START GIVEN DATA
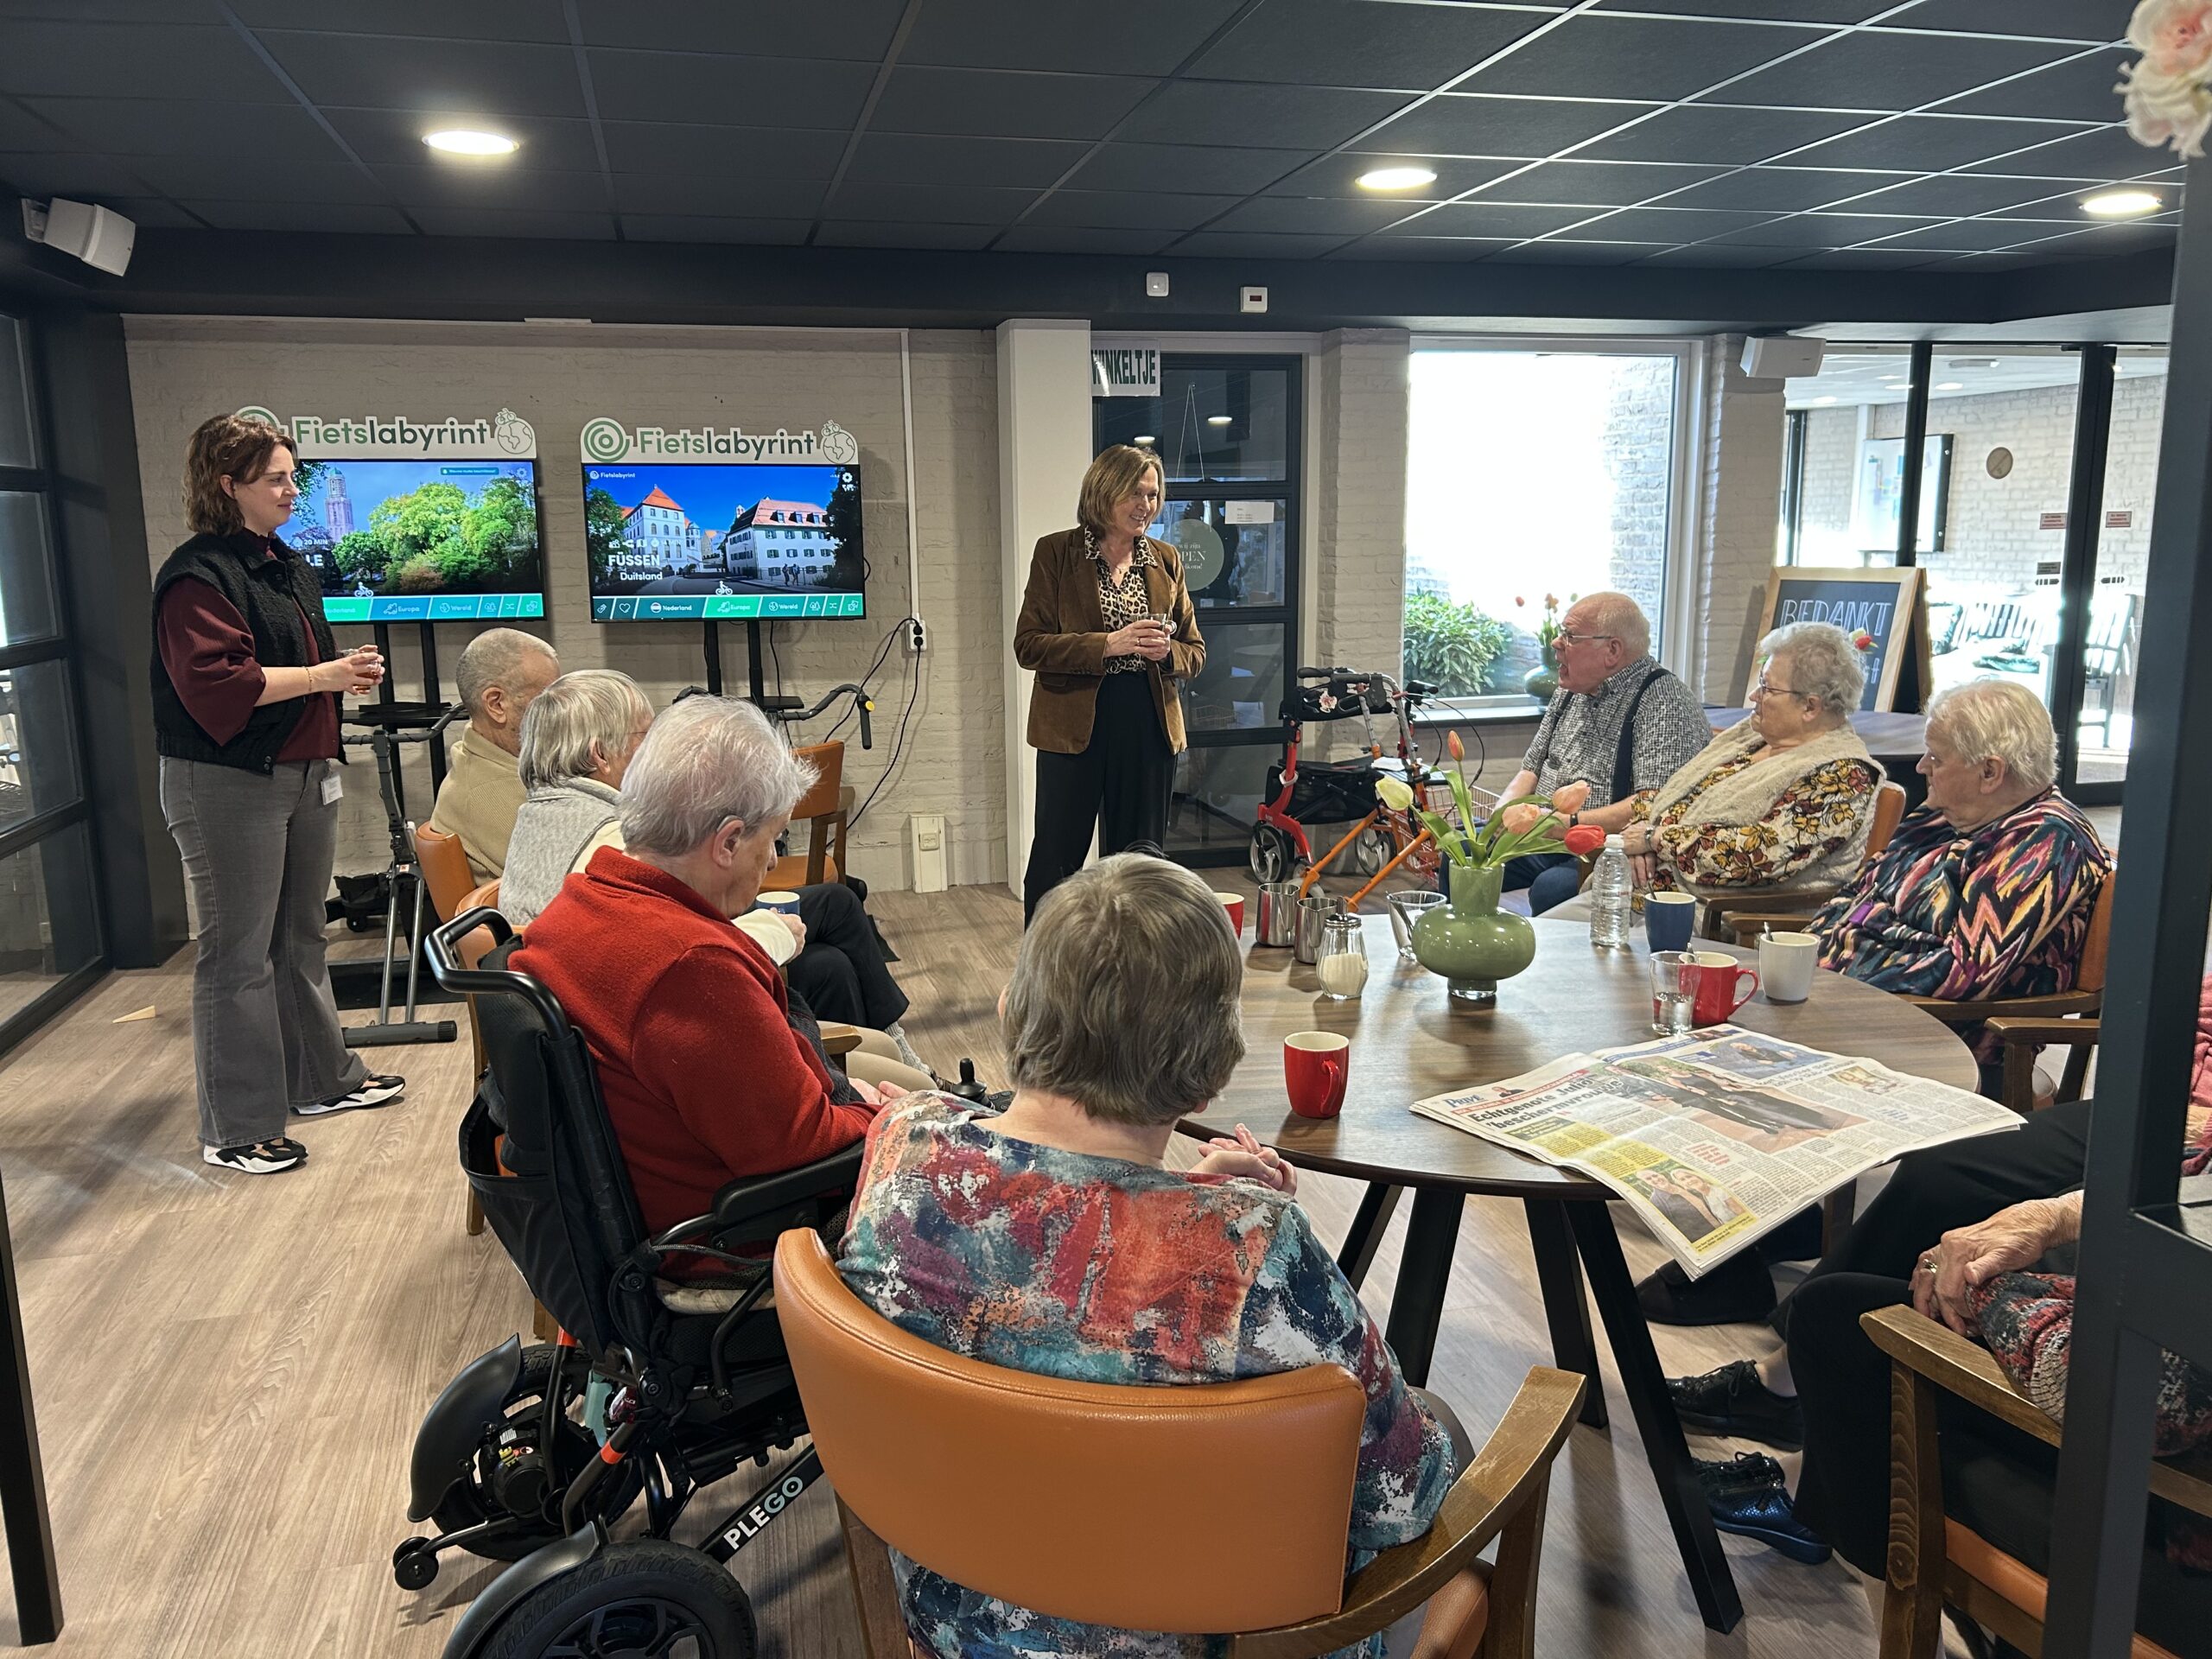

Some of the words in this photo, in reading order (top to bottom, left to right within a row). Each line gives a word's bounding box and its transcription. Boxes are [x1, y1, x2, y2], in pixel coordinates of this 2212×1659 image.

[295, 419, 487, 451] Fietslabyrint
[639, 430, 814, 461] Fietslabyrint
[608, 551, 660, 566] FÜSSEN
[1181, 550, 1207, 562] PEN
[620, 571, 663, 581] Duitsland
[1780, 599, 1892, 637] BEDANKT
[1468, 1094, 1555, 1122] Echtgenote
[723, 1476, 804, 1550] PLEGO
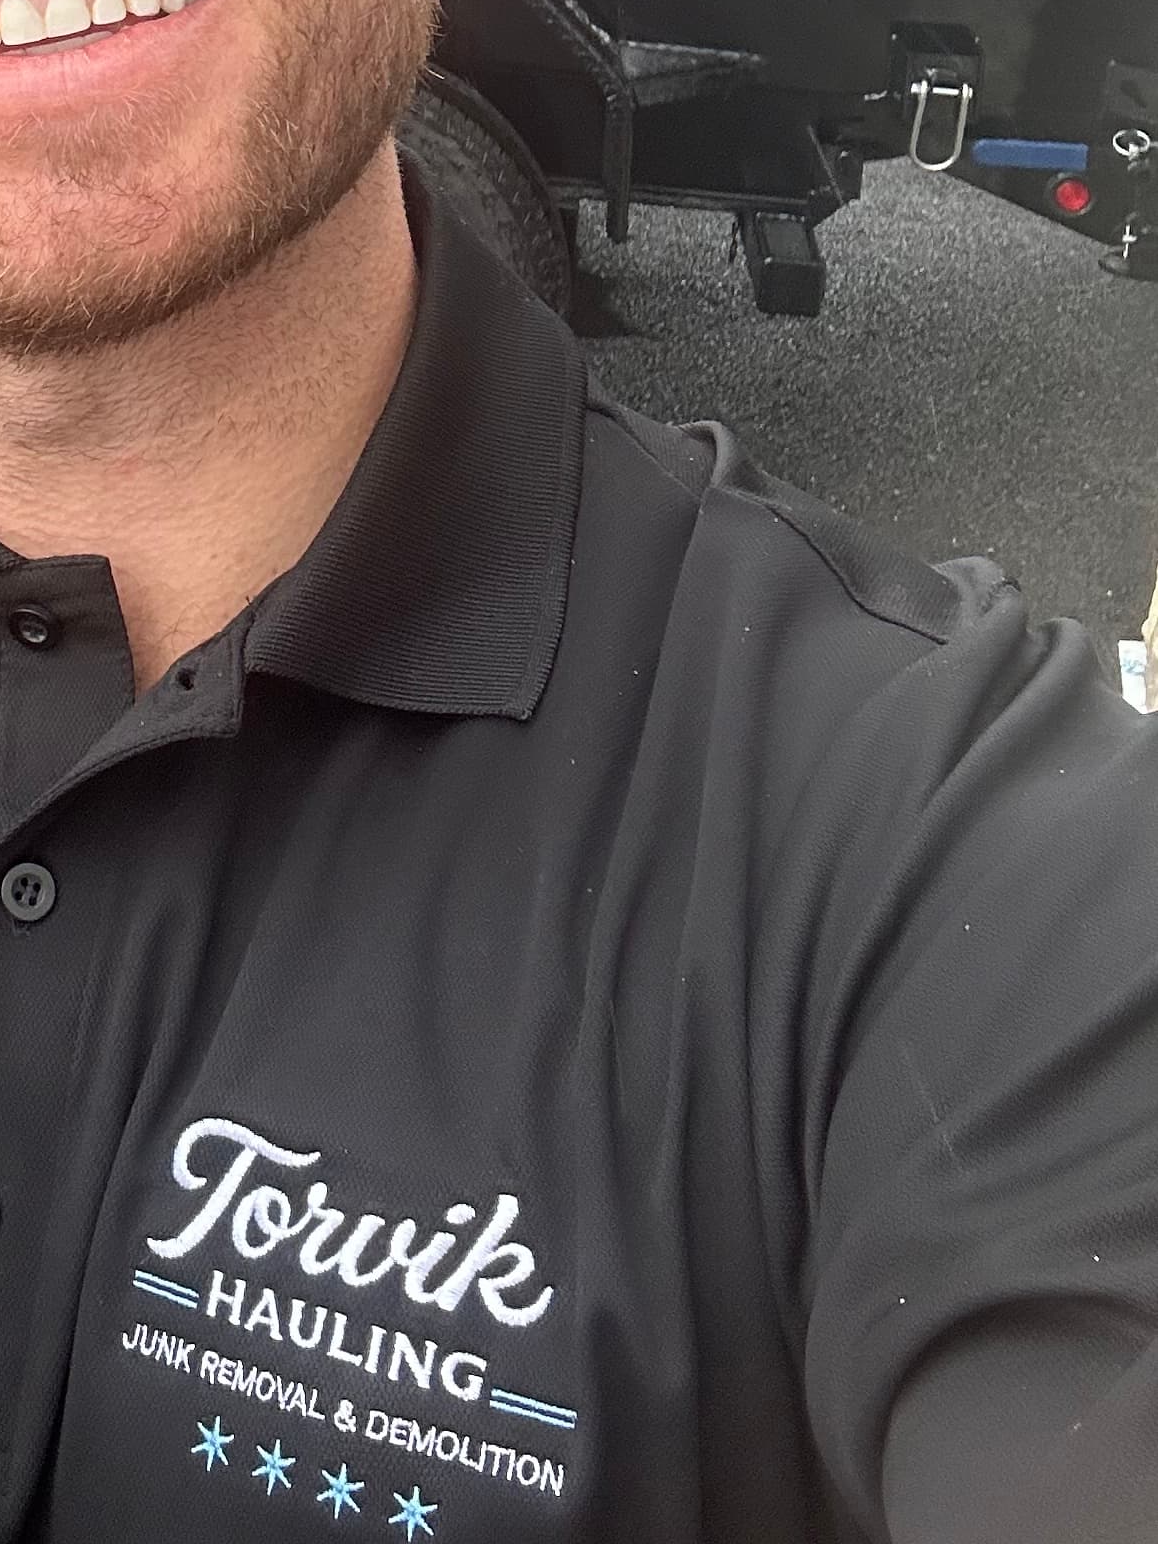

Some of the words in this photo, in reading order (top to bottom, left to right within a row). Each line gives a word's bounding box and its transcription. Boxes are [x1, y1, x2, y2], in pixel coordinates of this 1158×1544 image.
END GIVEN DATA
-- WHAT YOU SHOULD DO --
Exact copy, no images: rewrite the entire listing above.

-- SOLUTION TO THIS EXERCISE --
Some of the words in this photo, in reading order (top to bottom, left to right within a row). Each line gives a word's bounding box and its transcription. Boxes are [x1, y1, x2, y2], in pixel coordinates of this 2212×1659 image.

[295, 419, 487, 451] Fietslabyrint
[639, 430, 814, 461] Fietslabyrint
[608, 551, 660, 566] FÜSSEN
[1181, 550, 1207, 562] PEN
[620, 571, 663, 581] Duitsland
[1780, 599, 1892, 637] BEDANKT
[1468, 1094, 1555, 1122] Echtgenote
[723, 1476, 804, 1550] PLEGO

Some of the words in this photo, in reading order (top to bottom, left to right within a row). Each line gives a word's bounding box and its transcription. Boxes are [x1, y1, x2, y2], in pixel coordinates of this 1158×1544 image.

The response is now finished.